For one, he signed a “faith statement” when he accepted the job. If his bosses found out about his atheism, he’d be out of a job. As it stands, though, he plays an “influential role” in the organization. He agrees with many of the things the organization does, but not the “doctrine and dogma which drive it.”
Also, his wife doesn’t know. She knows he’s not an Orthodox Christian. She knows he doesn’t buy into Hell and Satan and the “exclusivity of Christian salvation.” She knows he has doubts. She knows he’s frustrated by many church beliefs. But all that has led her to believe he is Agnostic. She doesn’t know he has actually gone to the other end of the spectrum. If she found out, would it end their marriage? Probably not… but it would hurt her. He wouldn’t be the same guy she married.
For obvious reasons, he chooses to remain anonymous.
So what caused this complete switch? He writes:
You see, several years ago, it occurred to me while reading The God Delusion that I no longer believed in a god, and probably had not for a very long time. I had written off these feelings as “doubt” or “backsliding,” but the writings of Richard Dawkins, Sam Harris, Christopher Hitchens, Daniel Dennett, and others coalesced these feelings into a certainty that I did not believe any of it.

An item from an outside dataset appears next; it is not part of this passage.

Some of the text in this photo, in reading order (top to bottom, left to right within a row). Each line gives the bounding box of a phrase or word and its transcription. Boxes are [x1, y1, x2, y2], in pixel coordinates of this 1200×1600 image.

I had ceased having any confidence in scripture as having any authority. I found myself repulsed by destructive and delusional end-time views. Concepts of hell and universal judgment of humankind became representative of the most inhumane and deeply unethical beliefs that I could imagine. Combine that with the terrible influence of the church on American politics and society at large, and it became clear that I could no longer emotionally or intellectually affiliate with the Christian worldview as a belief system.
Problem is, my commitment to family, justice, ethics, and a sense of community is unchanged. With few exceptions, all of my friends and family are Christian, and I love them all and hate the thought of losing them. A few friends and colleagues know or suspect that I am not on the same wavelength, but none know the full extent of my non-belief. To make matters worse, I still enjoy the church I attend. I gain much insight from the minister, and even get involved in music ministry from time to time. I thrive on the sense of community in the workplace and church, even though I disagree with (and in some cases am angered by) many of the core beliefs. I view much of the belief system to be benign — harmless delusion — and I avoid remaining friends with those people who embrace particularly fundamentalist views. Some of the beliefs, however, are harmful in my view, and I’m finding it more and more difficult to be complicit in the mission.

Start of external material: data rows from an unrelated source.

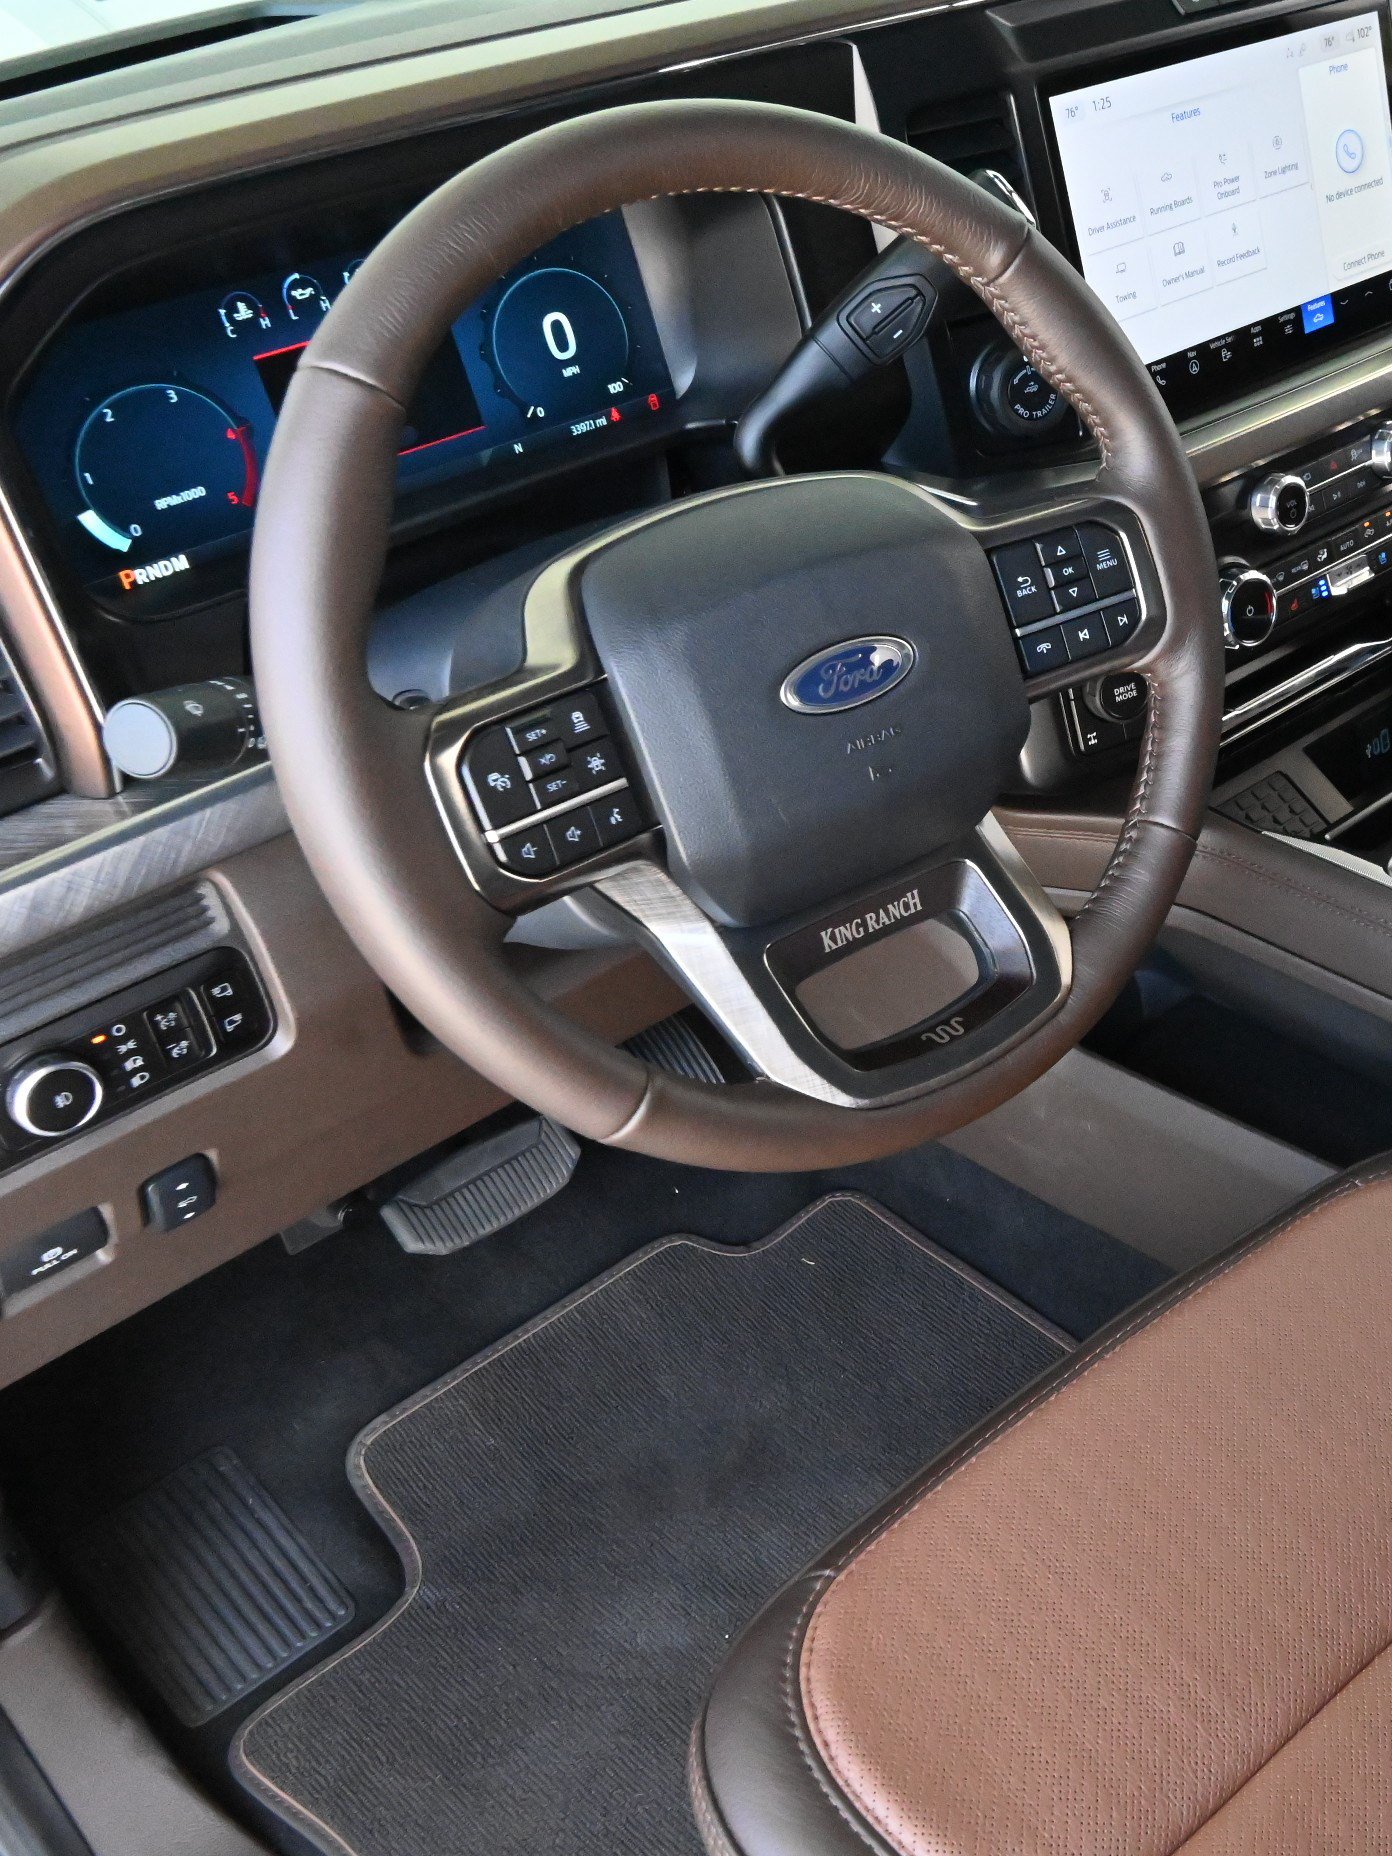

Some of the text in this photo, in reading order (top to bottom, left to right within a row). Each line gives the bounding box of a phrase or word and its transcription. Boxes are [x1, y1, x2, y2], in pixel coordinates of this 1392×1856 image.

[1328, 63, 1349, 75] Phone
[1092, 97, 1112, 111] 1:25
[1065, 106, 1079, 119] 76°
[1171, 107, 1201, 123] Features
[1264, 162, 1299, 179] Zone Lighting
[1213, 175, 1240, 188] Pro Power
[1216, 186, 1241, 200] Onboard
[1325, 177, 1384, 203] No device connected
[1150, 195, 1193, 216] Running Boards
[1087, 214, 1137, 236] Driver Assistance
[1216, 246, 1261, 267] Record Feedback
[1343, 250, 1385, 271] Connect Phone
[1162, 266, 1206, 287] Owner's Manual
[1115, 290, 1137, 304] Towing
[1307, 299, 1326, 311] Features
[260, 316, 272, 329] H
[226, 326, 237, 338] C
[542, 311, 577, 360] 0
[1209, 339, 1226, 349] Vehicle
[561, 365, 581, 377] MPH
[1151, 361, 1167, 373] Phone
[607, 381, 624, 394] 100
[165, 389, 178, 403] 3
[536, 406, 545, 418] 0
[1013, 393, 1057, 418] PRO TRAILER
[102, 408, 114, 422] 2
[595, 415, 608, 428] mi
[513, 442, 523, 454] N
[83, 472, 94, 485] 1
[227, 491, 239, 504] 5
[129, 524, 142, 537] 0
[1340, 540, 1354, 551] AUTO
[1062, 566, 1075, 576] OK
[1096, 558, 1118, 571] MENU
[1016, 585, 1037, 598] BACK
[818, 652, 882, 698] Ford
[1113, 682, 1137, 696] DRIVE
[1115, 690, 1138, 703] MODE
[819, 889, 922, 953] KING RANCH

What’s stopping him from coming out as an atheist?
Coming out right now would be financially fatal, as I would certainly be terminated and lose what is a very good salary. My wife (a believer) also works for the organization, and would undoubtedly be ostracized herself. I have no support network who would support me through such a life-changing decision, as I would likely lose all of my friends and most family members (as Dan Barker has so aptly pointed out in Godless).
So I choose to live among them, taking the advice of Matthew’s Jesus and forgiving their delusions and shortcomings. I avoid situations where I would be expected to pray publicly, or to speak in support of Christian beliefs. I keep my head down, and try to slowly bring along family members — not to deconvert them, but to help them understand where I am. I need to find some way to connect to a community of like-minded freethinkers in the hope that I will someday be able to walk away from faith without betraying my entire life.
Is there any advice you could offer?
Is he doing the right thing by not coming out?